January, with its harsh weather and with COVID-related requirements imposed on two Philadelphia casinos, was not as kind to the retail casino industry. The $246.7 million from slots and table games at casinos was down from $278.9 million in December.
Overall, the state’s gaming industry, which also sees a small portion of revenue from fantasy sports and truck stop video gaming terminals, saw $393.1 million in revenue last month, a decrease from $406.3 million in December. Still, it was 26.4% above January 2021 and resulted in $157.5 million in government tax revenue from a blended tax rate of about 41% when all types of gaming are combined.
Broad sports calendar benefited the books
January, with its combination of NFL and college football postseason games and a full slate of basketball and other winter sports, has been setting records for sports betting volume in many states. Pennsylvania was no different, and that was without two new outlets that became available only this month: the online PointsBet site and Parx Casino’s Malvern OTB retail site.
The presence of both the Eagles and Steelers in wild card playoff games may have been a boon for the 13 online and 17 retail sportsbooks operating last month, although unlike some other states, Pennsylvania’s gaming board does not break out betting activity by sport.
While the $797.3 million in handle (92.9% of it online) was a clear record, the same was not true for the operators’ revenue. Their $53.4 million in gross revenue reflected a 6.7% hold rate from bettors’ losses, and after deduction of $21.2 million in promotional credits, they showed $32.2 million in taxable revenue.
In November, bettors fared far worse with the sportsbooks, who retained a record $84.9 million in gross revenue and $63.7 million in taxable revenue that month.
In the perennial competition between FanDuel and DraftKings, the former only widened its lead last month. With increased handle of $273.3 million, FanDuel held 37.1% of the online market, with gross revenue of $24.9 million ($18.9 million taxable).
DraftKings’ handle actually fell to $195.8 million from $204.7 million the month before, leaving it 26.9% of the online market. It reported $8.3 million in gross revenue ($3.1 million taxable).
Like the prior month, BetMGM was third in handle but lost money. It gave away more in credits than what it retained in revenue from $83.7 million in wagers, showing a net loss of $292,202 for the month.

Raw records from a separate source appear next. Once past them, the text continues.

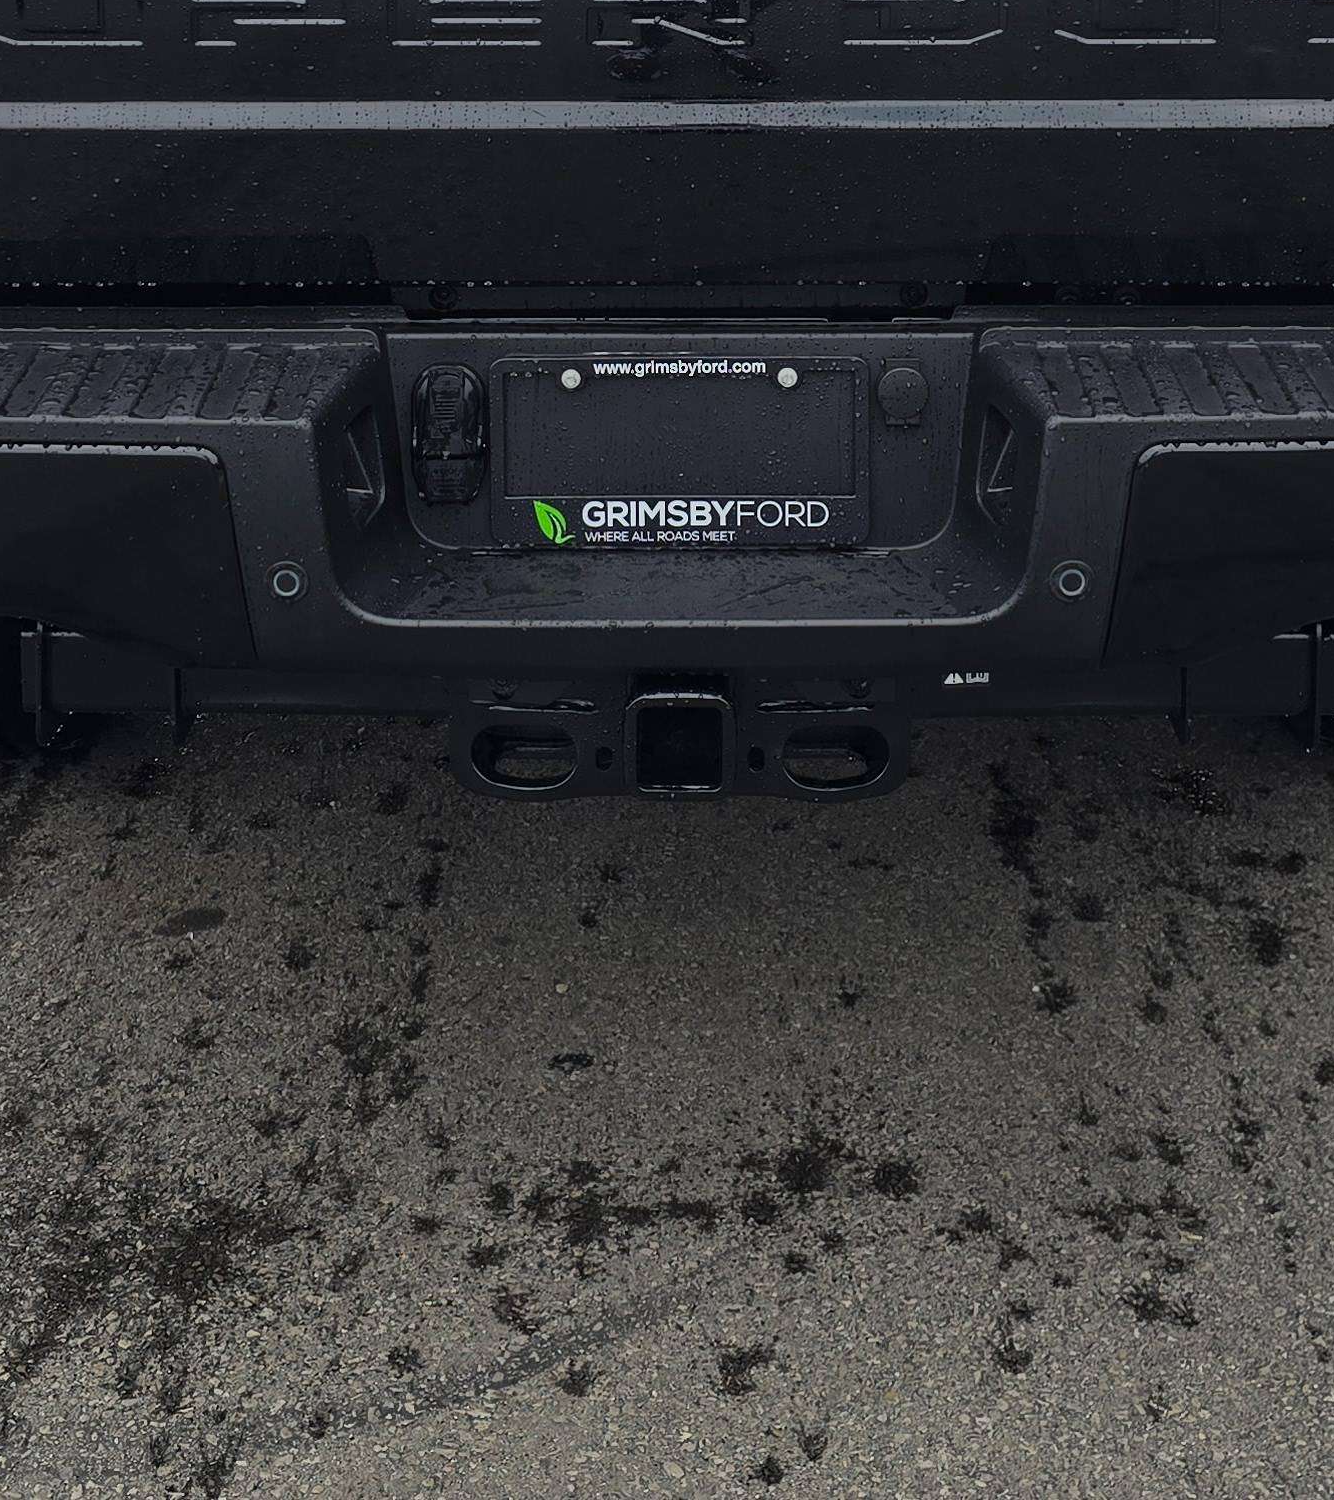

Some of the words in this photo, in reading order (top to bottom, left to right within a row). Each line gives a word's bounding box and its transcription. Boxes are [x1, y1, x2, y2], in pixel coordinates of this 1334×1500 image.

[592, 359, 766, 377] www.grimsbyford.com
[581, 500, 830, 528] GRIMSBYFORD
[584, 531, 629, 543] WHERE
[631, 531, 654, 542] ALL
[657, 531, 700, 542] ROADS
[702, 531, 735, 542] MEET

Penn National Gaming’s Barstool Sportsbook increased its handle to $73 million in January, with gross revenue of $3.3 million ($1.5 million taxable).

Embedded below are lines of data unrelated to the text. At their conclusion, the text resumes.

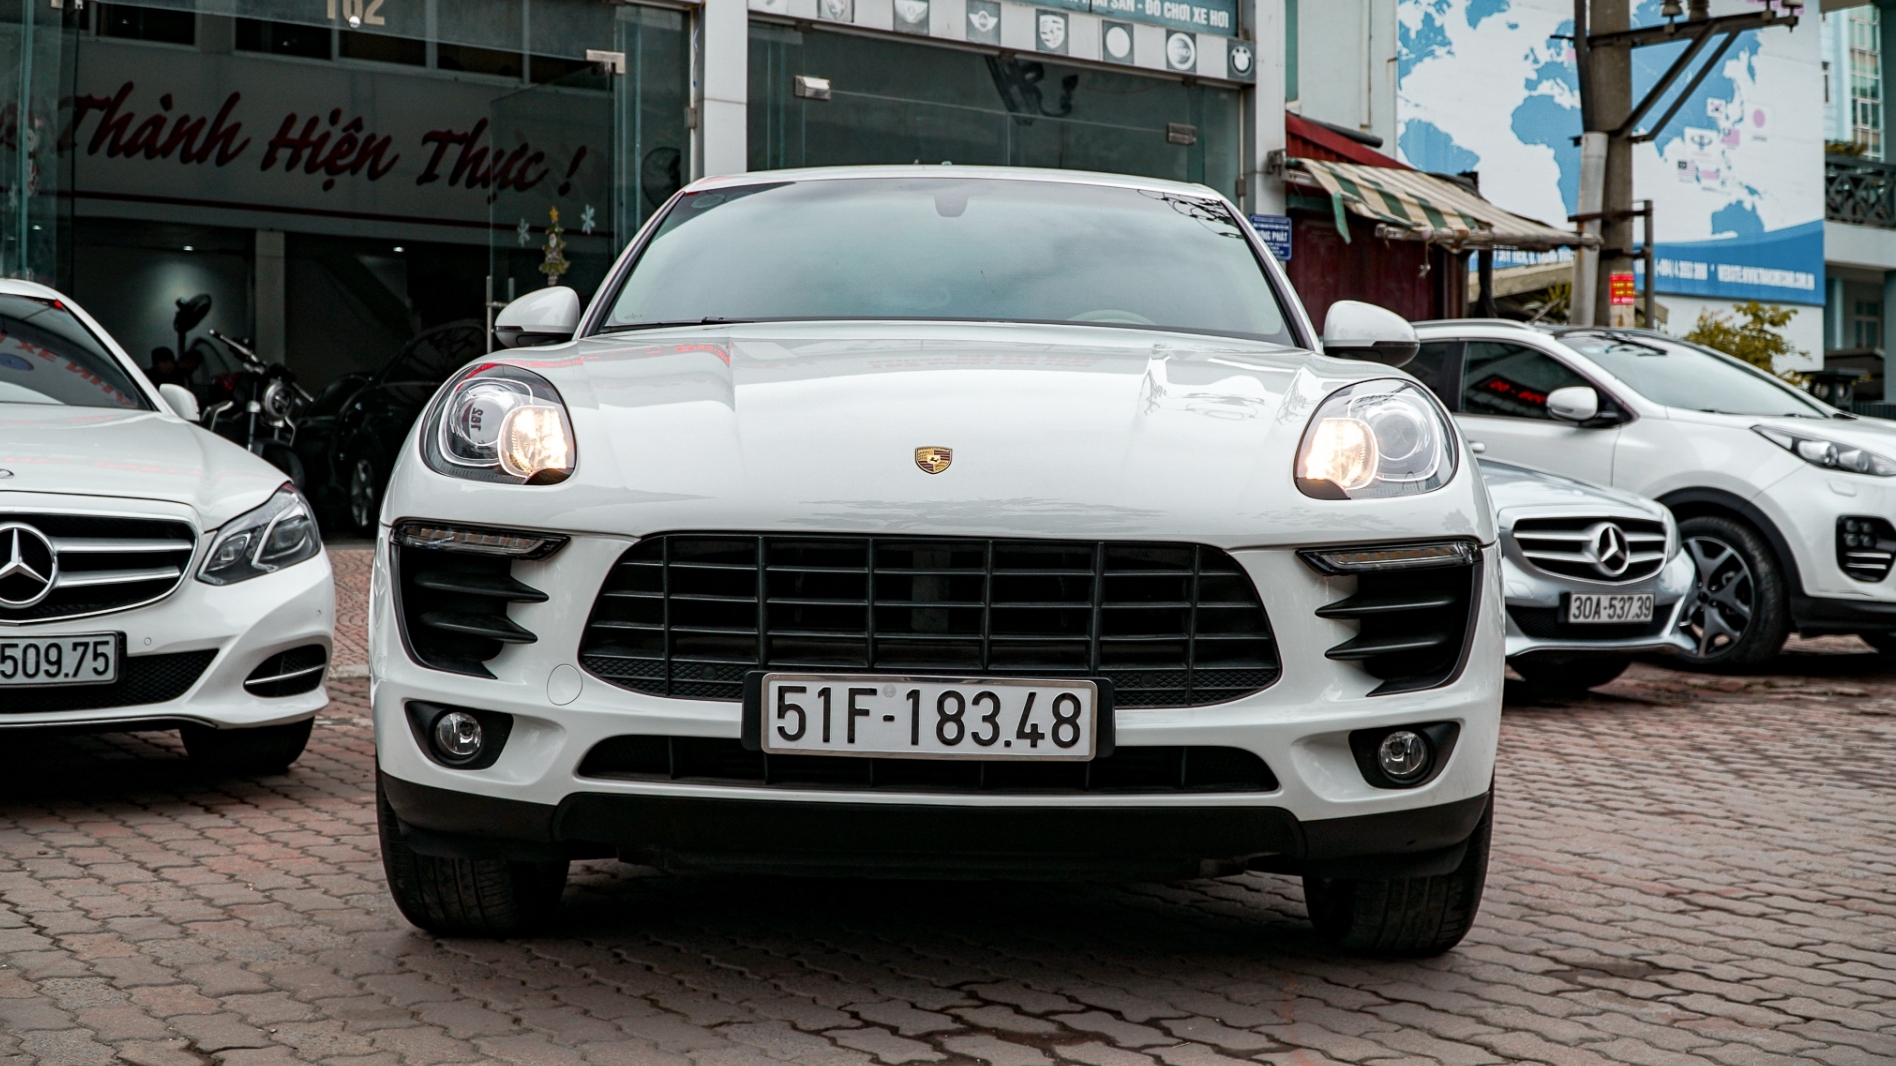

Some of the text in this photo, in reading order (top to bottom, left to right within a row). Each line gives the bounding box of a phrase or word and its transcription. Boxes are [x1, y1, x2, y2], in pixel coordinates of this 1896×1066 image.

[1163, 1, 1191, 22] CHƠI
[1192, 6, 1208, 25] XE
[1209, 9, 1230, 29] HƠI
[260, 107, 401, 191] Hiện
[416, 117, 550, 204] Thực
[1572, 595, 1652, 620] 30A-537.39
[0, 640, 110, 679] 509.75
[776, 685, 1082, 749] 51F-183.48

Those four industry leaders again represented 85% of the state’s online handle.
Online casino numbers keep climbing
The long month of January with its many cold and dreary days is evidently a good month to stay inside to gamble, as reflected by the $108.3 million in combined revenue earned by the 17 sites. That was 5.2% higher than October’s former record.

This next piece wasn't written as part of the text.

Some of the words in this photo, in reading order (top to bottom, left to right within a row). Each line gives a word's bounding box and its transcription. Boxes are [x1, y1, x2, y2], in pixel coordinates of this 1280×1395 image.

With that kind of increase, it would seem the state in 2022 is poised to climb well above the $1.1 billion seen in revenue from online slots, table games, and poker in 2021. Several more online operators are expected to launch later this year to further boost numbers.
The iCasino revenue in January broke down as $71.8 million from slots, $33.1 million from tables, and $3.4 million from poker. The latter represents an increase from the $3.1 million in December on the four iPoker sites available and from $2.7 million in January 2021, when only PokerStars was operating.
More retail casinos, but less revenue
The retail casino numbers were up substantially from a year ago, but that’s deceptive in that casinos were closed for COVID reasons in the first three days of 2021 and reopened afterward with various restrictions in place. Also, two more mini-casinos have opened since last January to bring the overall casino total to 16.
Combined, their $246.7 million in slots and tables revenue was 6.2% less than in the last non-COVID comparable month of January 2020, when only 12 casinos existed. On a same-property comparison basis, those 12 earned just $214.3 million last month.
One of those was the Rivers Philadelphia casino, which like the newer Live! Philadelphia property was impaired by a Philadelphia city mandate Jan. 3 that all venues with indoor dining could admit only patrons with proof of COVID vaccinations. The gaming revenue at Rivers Philadelphia was off 23.6% from December, and Live! was down 25.8%.
That requirement to check vaccination status was lifted by city officials this Wednesday, although Philadelphia still requires masks to be worn at the casinos and other indoor establishments, which is not the case in the rest of the state.
(Editor’s note: This article has been corrected from the original version, which reported an inaccurate gross revenue figure for DraftKings.)